→ Task to complete: Every line of the listing below should be written out exactly, minus its pictures.

→ Records supplied:
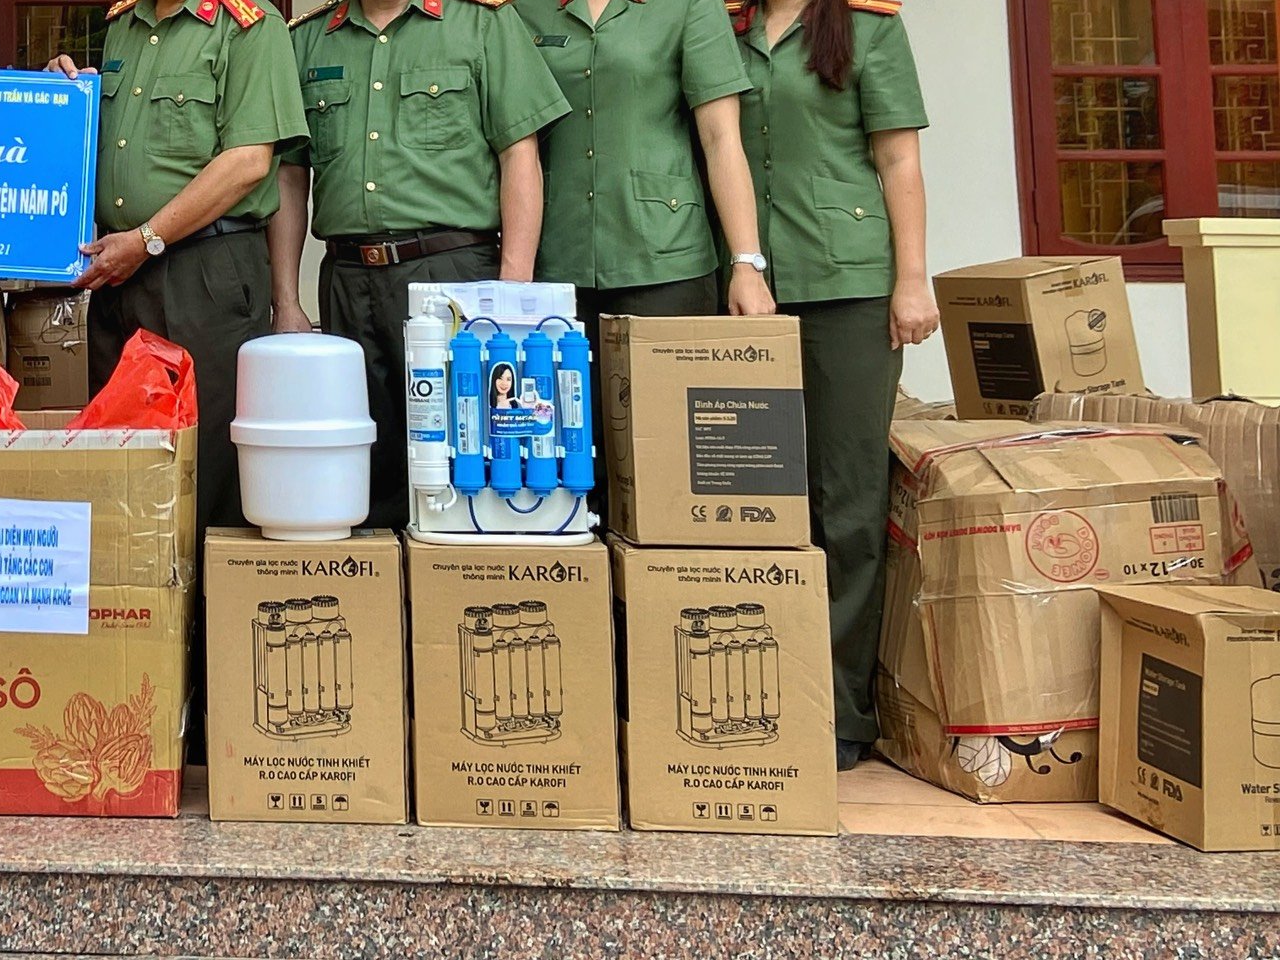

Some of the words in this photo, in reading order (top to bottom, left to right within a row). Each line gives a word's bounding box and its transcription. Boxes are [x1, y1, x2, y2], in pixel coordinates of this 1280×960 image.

[34, 91, 50, 105] CÁC
[53, 93, 69, 107] BẠN
[19, 184, 49, 221] NẬM
[50, 182, 69, 218] PỒ
[714, 399, 724, 411] Áp
[748, 399, 769, 410] Nước
[691, 505, 707, 518] CE
[740, 506, 776, 523] FDA
[227, 558, 254, 567] Chuyên
[256, 559, 267, 568] gia
[268, 559, 278, 568] lọc
[280, 558, 298, 567] nước
[301, 555, 373, 578] KAROFI
[1139, 563, 1147, 573] x
[1149, 560, 1170, 577] 12
[257, 568, 279, 577] thông
[280, 568, 298, 576] minh
[508, 560, 581, 583] KAROFI
[724, 562, 799, 586] KAROFI
[1123, 564, 1138, 576] 10
[88, 608, 152, 620] OPHAR
[244, 755, 265, 766] MÁY
[266, 757, 285, 769] LỌC
[288, 756, 315, 767] NƯỚC
[316, 757, 340, 768] TINH
[341, 755, 371, 768] KHIẾT
[259, 770, 275, 780] R.O
[277, 770, 296, 780] CAO
[298, 768, 318, 780] CẤP
[320, 771, 356, 781] KAROFI
[1162, 778, 1183, 803] FDA
[1241, 783, 1268, 796] Water

→ Answer to this exercise:
Some of the words in this photo, in reading order (top to bottom, left to right within a row). Each line gives a word's bounding box and its transcription. Boxes are [x1, y1, x2, y2], in pixel coordinates of this 1280×960 image.

[34, 91, 50, 105] CÁC
[53, 93, 69, 107] BẠN
[19, 184, 49, 221] NẬM
[50, 182, 69, 218] PỒ
[714, 399, 724, 411] Áp
[748, 399, 769, 410] Nước
[691, 505, 707, 518] CE
[740, 506, 776, 523] FDA
[227, 558, 254, 567] Chuyên
[256, 559, 267, 568] gia
[268, 559, 278, 568] lọc
[280, 558, 298, 567] nước
[301, 555, 373, 578] KAROFI
[1139, 563, 1147, 573] x
[1149, 560, 1170, 577] 12
[257, 568, 279, 577] thông
[280, 568, 298, 576] minh
[508, 560, 581, 583] KAROFI
[724, 562, 799, 586] KAROFI
[1123, 564, 1138, 576] 10
[88, 608, 152, 620] OPHAR
[244, 755, 265, 766] MÁY
[266, 757, 285, 769] LỌC
[288, 756, 315, 767] NƯỚC
[316, 757, 340, 768] TINH
[341, 755, 371, 768] KHIẾT
[259, 770, 275, 780] R.O
[277, 770, 296, 780] CAO
[298, 768, 318, 780] CẤP
[320, 771, 356, 781] KAROFI
[1162, 778, 1183, 803] FDA
[1241, 783, 1268, 796] Water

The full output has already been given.